The first challenge was what to call him. Most parents have months to scan baby name websites while agonising over the perfect name, but the new parents decided in just a few days to call the cheeky little boy Hunter, after a doll Taane had loved as a toddler.
From then on, it was a learning curve for the duo, who had been best friends since high school but who had split up after conceiving Hunter.
Most people had been supportive, but there was still judgement that made it more difficult for the pair come to terms with their new situation.
"You can see their disbelief that we were either lying or in denial of the pregnancy," Ashworth said.
It was a real shock for the pair, as Taane only realised retrospectively that she'd had any signs of pregnancy. She had also actually lost weight over the previous nine months.
One in every 2455 births occur before the woman realises she is pregnant, at odds three times more common than triplets.
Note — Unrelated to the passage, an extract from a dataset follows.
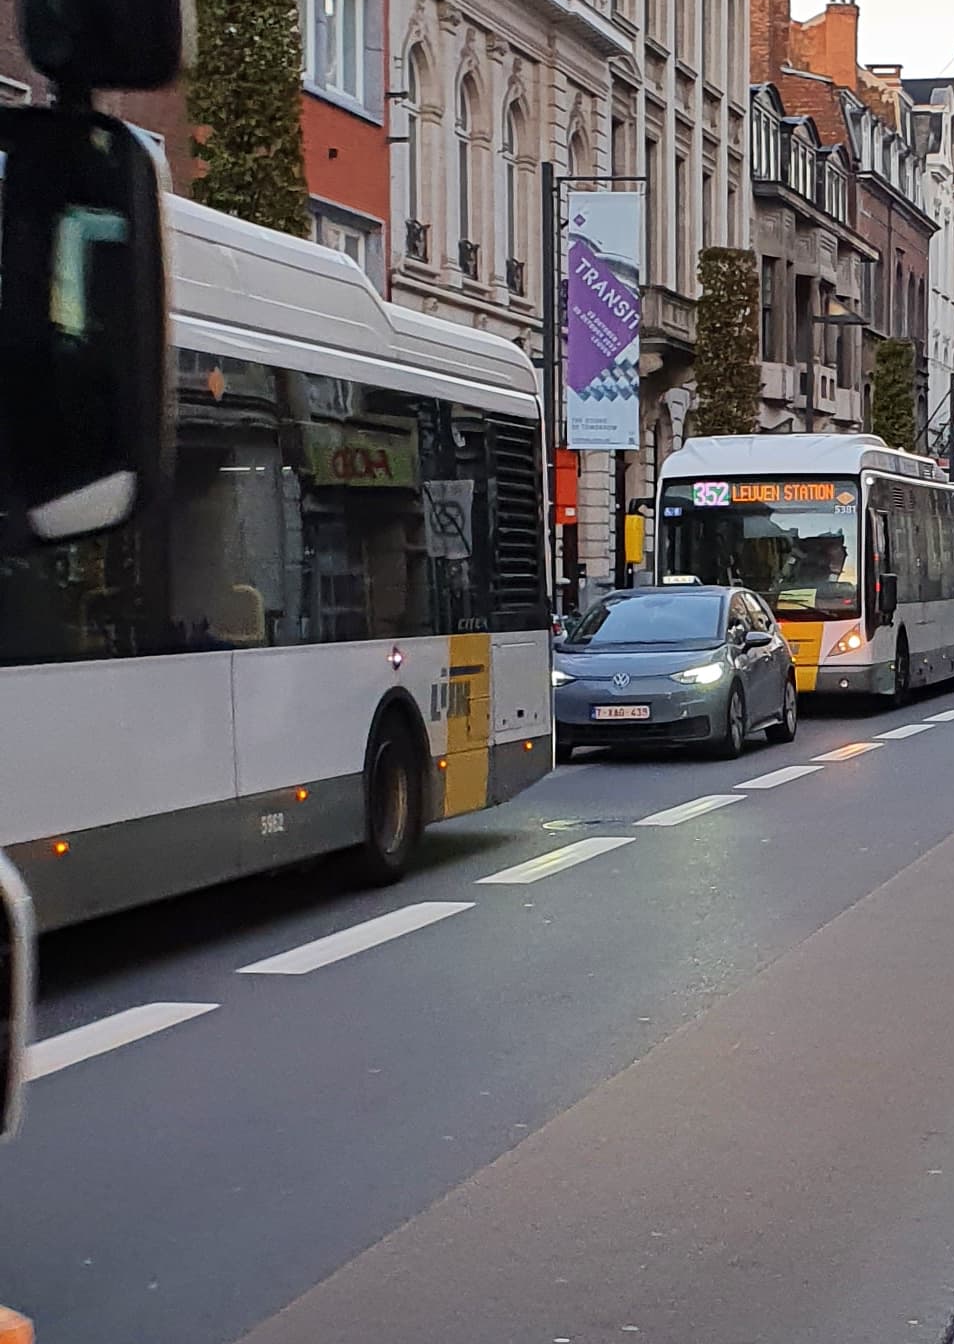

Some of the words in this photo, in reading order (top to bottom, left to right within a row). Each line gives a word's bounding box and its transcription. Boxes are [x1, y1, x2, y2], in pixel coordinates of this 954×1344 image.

[693, 482, 730, 506] 352
[732, 485, 780, 502] LEUVEN
[784, 484, 834, 501] STATION
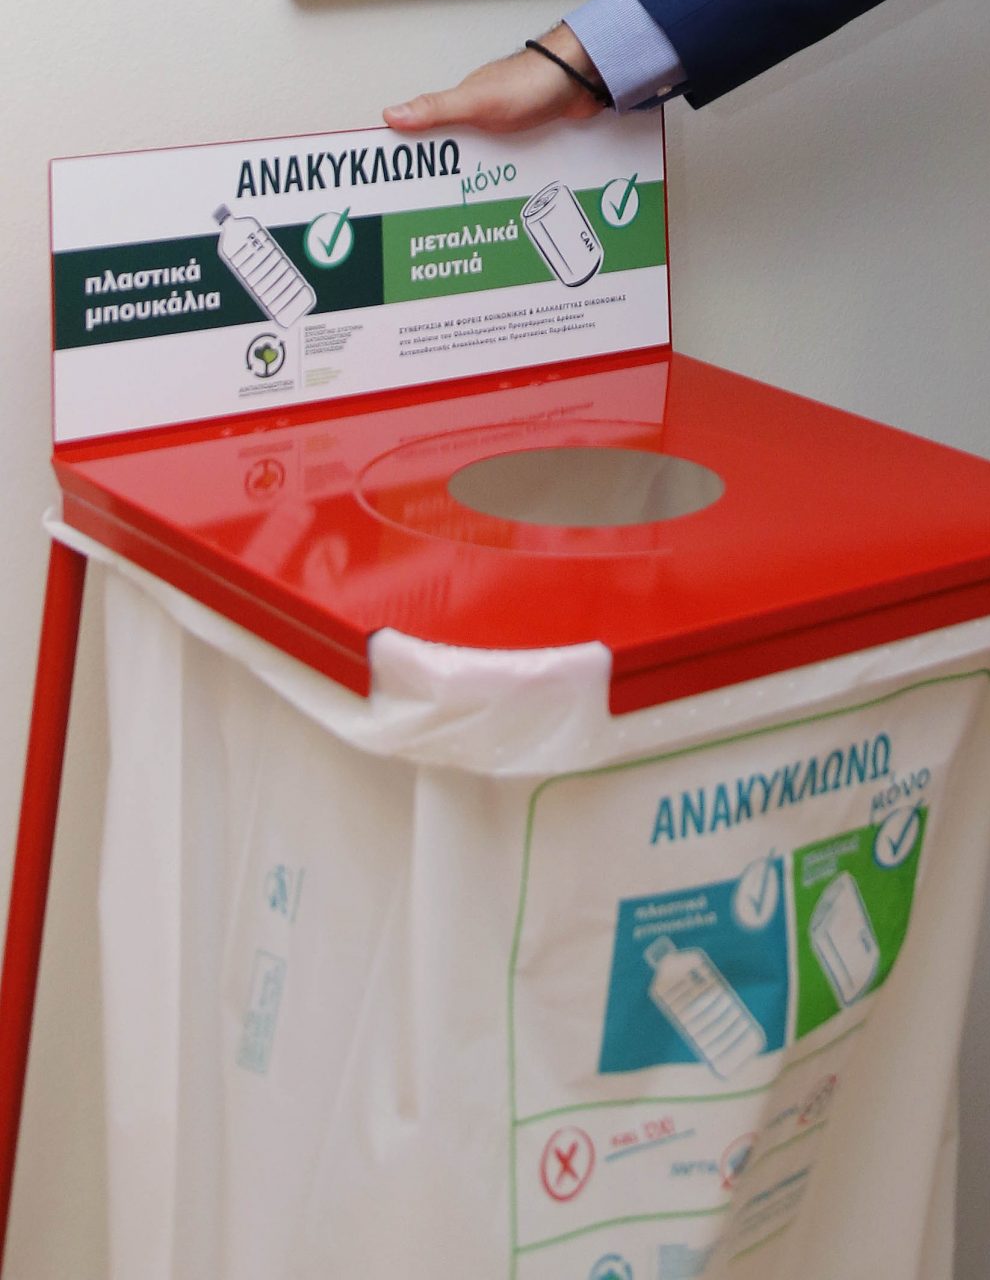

Taane continues to study applied science full-time so government support is available, as well as the income from Ashworth's part-time job, but it is still hard to make ends meet.
Both their parents have provided a lot of help, but they wanted to do it as much as possible on their own.
Ashworth continued to study in Dunedin until he graduated and drove the two-hour commute to Invercargill most weekends, where Taane now lives with her parents.
"Everyone always says you can do everything you used to but the reality is you can't," he said.
Although the distance was hard, Ashworth said he had "been there for all his milestones and his face lights up when he sees me, which is a reward in itself".
One year on, the co-parents celebrated Hunter's first birthday with a Mickey Mouse cake baked by his dad.
Ashworth said, "I don't think that little boy could really be more loved."